In that snippet, I subtract from symbol
(the alphabet character from the input) the u8
value of a
(so that the value of alphabet letters are in [0..26]), and then I “add it to the set” by setting the bit in the “set” (our u32
) that corresponds to our letter to 1
(self.0 |= 1 << [alphabet_index]
).
fn all_distinct(slice: &[u8]) -> bool {
let mut set = AlphabetSet::new();
!slice
.iter()
.any(|letter| set.add_letter_or_contains(*letter))
}
// sop stands for "start of packet"
fn first_sop<const W: usize>(datastream: &[u8]) -> Option<usize> {
datastream
.array_windows::<W>()
.enumerate()
.find_map(|(i, slice)| all_distinct(slice).then_some(i + W))
}
fn main() {
let input = stdin().lines().next().unwrap().unwrap().into_bytes();
let output = first_sop::<14>(&input).unwrap();
println!("{output}");
}
(I also swapped to use array_windows
over windows
, for exoticism, since windows
will definitively generate the same final assembly)
Then we just need to replace the all_distinct
function to use the AlphabetSet
. Specifically, we return from add_letter_or_contains
a bool telling if the letter was already encountered.
That’s it. It’s still O(N * W)
, but W
here grow by about 5 CPU cycle per W
, so unlike the hoist solution (which still was relatively light on CPU cycle growth per W
, I’d say 100 or so) there shouldn’t be a drastic difference between relatively close values of W
. To rephrase: This means the runtime of the solution should grow still linearly but much slower than with hoist. Maybe so little that we’ll beat more theoretically efficient solutions (since we are talking about close to 0 overhead here).
Now let’s see our benchmarks…
solution name | runtime (ns) | W |
---|---|---|
hashet | 344,360 | 4 |
manevillef_2 | 169,767 | 4 |
nicopap | 158,936 | 4 |
nicopap_hoist | 6,527 | 4 |
nicopap_bitset | 5,197 | 4 |
snaketwix | 58,178 | 4 |
vec | 113,473 | 4 |
––––––– | ||
hashet | 2,144,092 | 14 |
manevillef_2 | 1,085,112 | 14 |
nicopap | 919,232 | 14 |
nicopap_hoist | 623,370 | 14 |
nicopap_bitset | 24,871 | 14 |
snaketwix | 118,899 | 14 |
vec | 2,141,100 | 14 |
Outrageously fast!
Going further
I didn’t explore faster possibilities, but @Verte
proposed an interesting solution, very similar to mine. Instead of using !windows.any([add_or_contains])

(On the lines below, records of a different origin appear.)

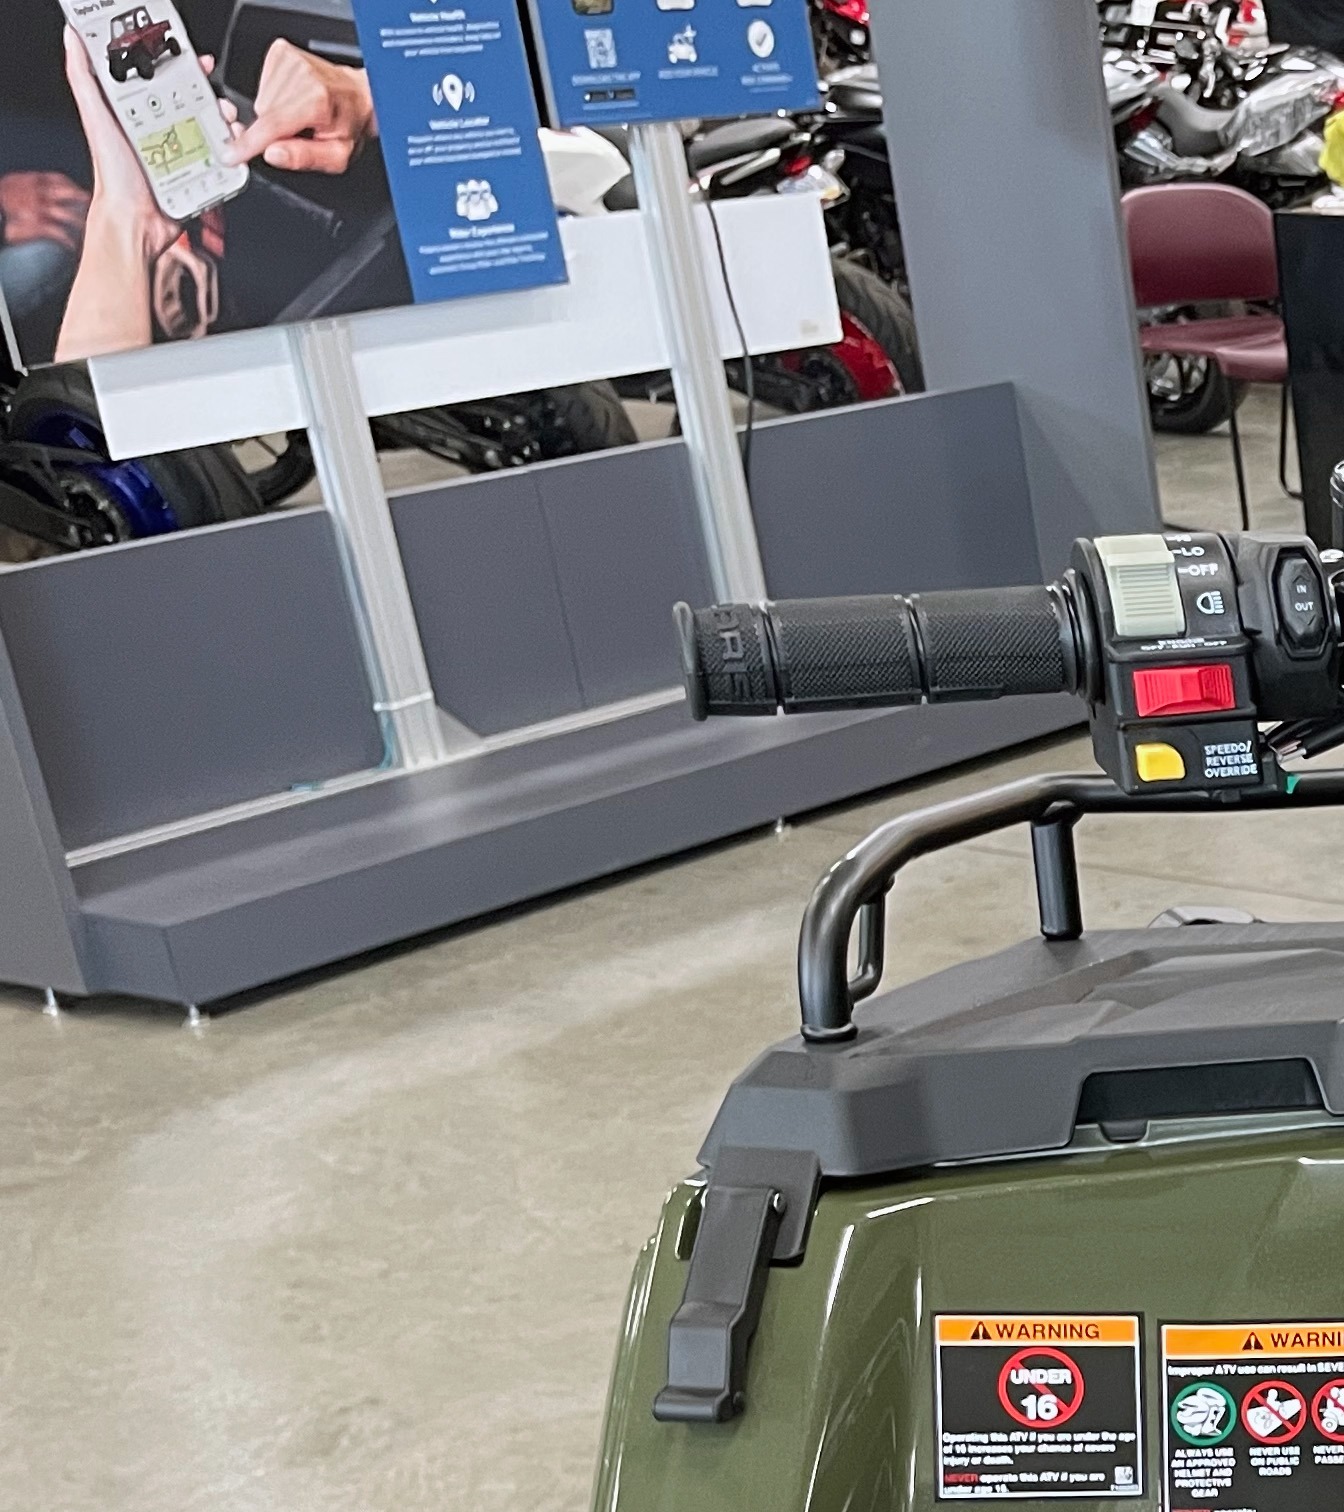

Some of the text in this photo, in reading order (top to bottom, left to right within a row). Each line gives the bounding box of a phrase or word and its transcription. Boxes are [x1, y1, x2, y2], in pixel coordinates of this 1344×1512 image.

[1181, 546, 1205, 556] LO
[1188, 563, 1218, 576] OFF
[1296, 584, 1307, 593] IN
[1295, 601, 1314, 611] OUT
[1206, 753, 1253, 767] REVERSE
[1204, 763, 1258, 778] OVERRIDE
[996, 1324, 1100, 1340] WARNING
[1215, 1364, 1236, 1374] ATV
[1257, 1365, 1276, 1374] can
[1307, 1363, 1316, 1372] in
[1010, 1368, 1072, 1384] UNDER
[1021, 1394, 1058, 1421] 16
[1009, 1432, 1028, 1441] ATV
[1040, 1472, 1059, 1481] ATV

, they simply Add all the letters from the window to the bitset and count how many bits are set (this can be done in a single instruction with u32::count_ones
) If the number of bits is equal to the number of elements, it means all the elements are unique!
This is pretty good, and possibly more efficient than my solution. In my case, I early exit as soon as a duplicate is found. This translates in the generated assembly by a single jump instruction after each comparison. Due to branch prediction and pipeline invalidation, Verte’s solution might really be better.
The CPU has an instruction pipeline, it preloads the next few instructions it will execute. Problem is that when encountering a conditional jump instruction, the next few instructions become unknown since it’s impossible to know the value of the predicate before evaluating it. So if it didn’t load the correct instructions, it will need to clear the pipeline and reload the next instructions, causing a stall of a few cycles to a few hundred cycles depending on the context.
Just unconditionally adding up all the letters to the bit set, then acting on it fixes that problem, and enables the potential for vectorization (aka automatic SIMD instructions)
I didn’t test it yet, but I could expect a 4× speedup.